- [Problem description]: Omitting the pictures, output all of the records precisely as written.

- [Supplied data]:
▬▬▬▬▬▬▬▬▬▬

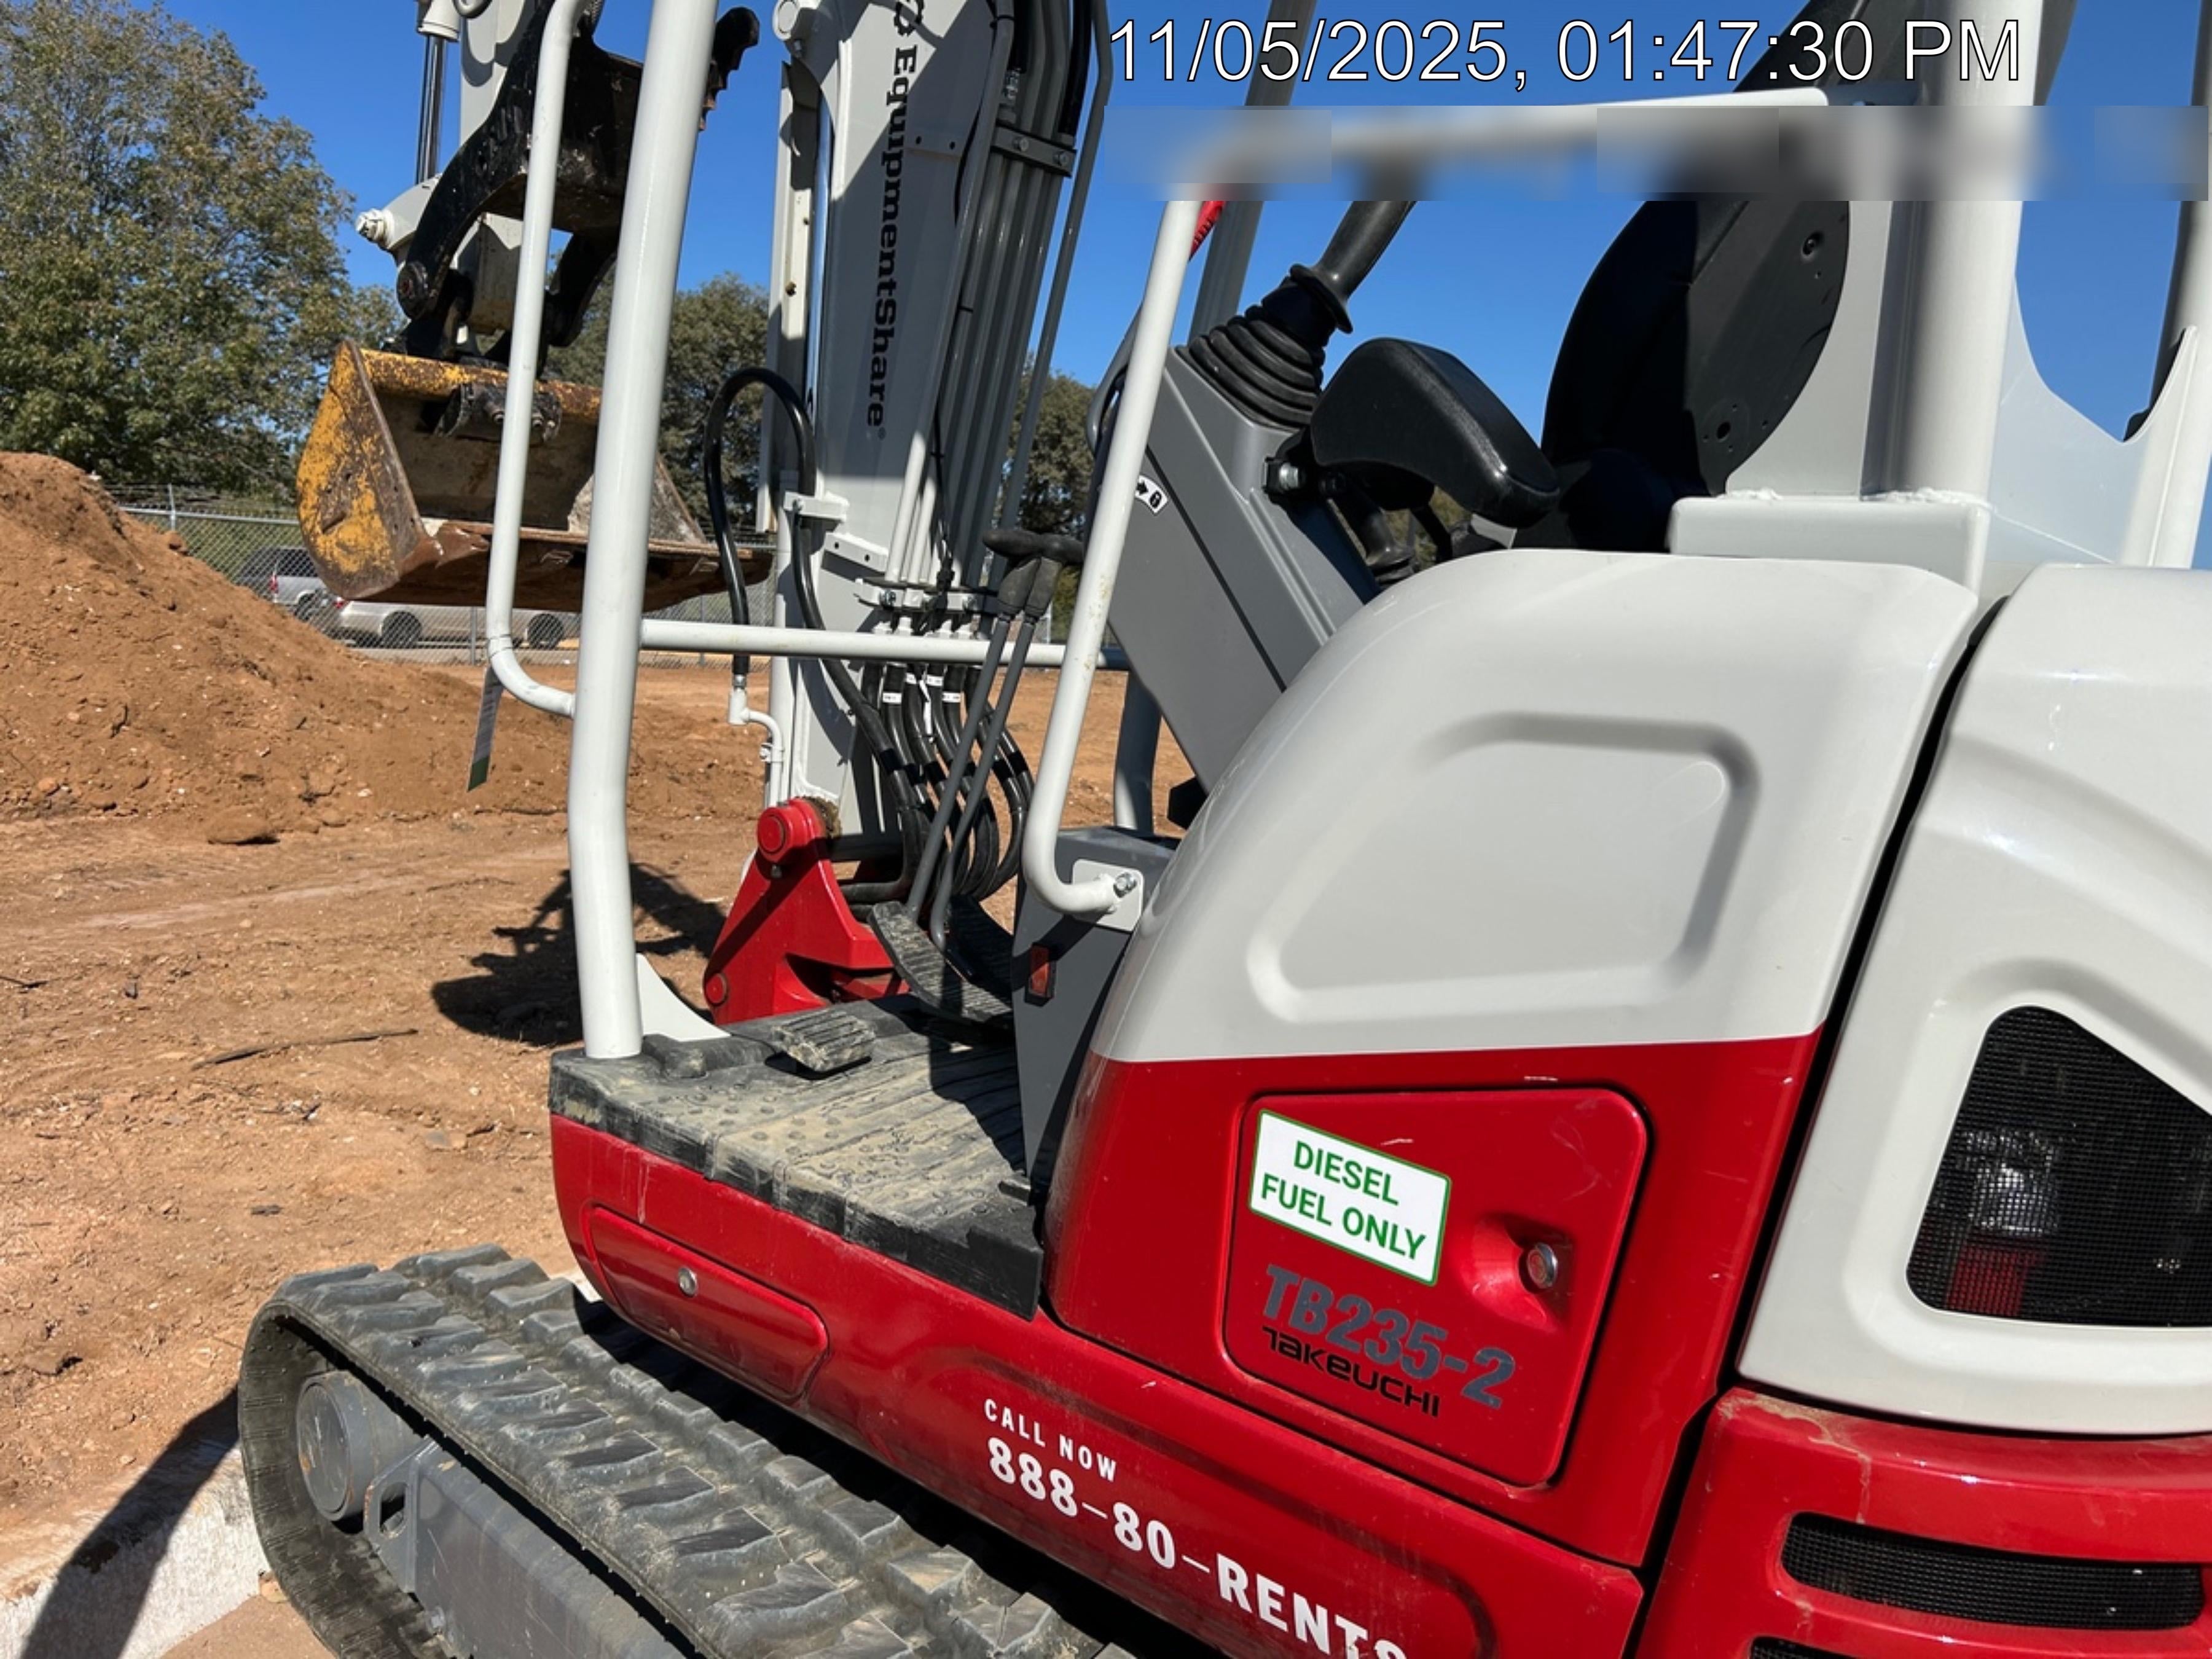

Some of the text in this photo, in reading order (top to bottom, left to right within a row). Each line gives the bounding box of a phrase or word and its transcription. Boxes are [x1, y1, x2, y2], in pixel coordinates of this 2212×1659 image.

[867, 45, 917, 427] EquipmentShare
[1260, 1172, 1427, 1261] FUEL ONLY
[1293, 1140, 1400, 1206] DIESEL
[1264, 1264, 1516, 1410] TB235-2
[984, 1398, 1117, 1482] CALL NOW

▬▬▬▬▬▬▬▬▬▬

- [Answer to this exercise]:
Some of the text in this photo, in reading order (top to bottom, left to right within a row). Each line gives the bounding box of a phrase or word and its transcription. Boxes are [x1, y1, x2, y2], in pixel coordinates of this 2212×1659 image.

[867, 45, 917, 427] EquipmentShare
[1260, 1172, 1427, 1261] FUEL ONLY
[1293, 1140, 1400, 1206] DIESEL
[1264, 1264, 1516, 1410] TB235-2
[984, 1398, 1117, 1482] CALL NOW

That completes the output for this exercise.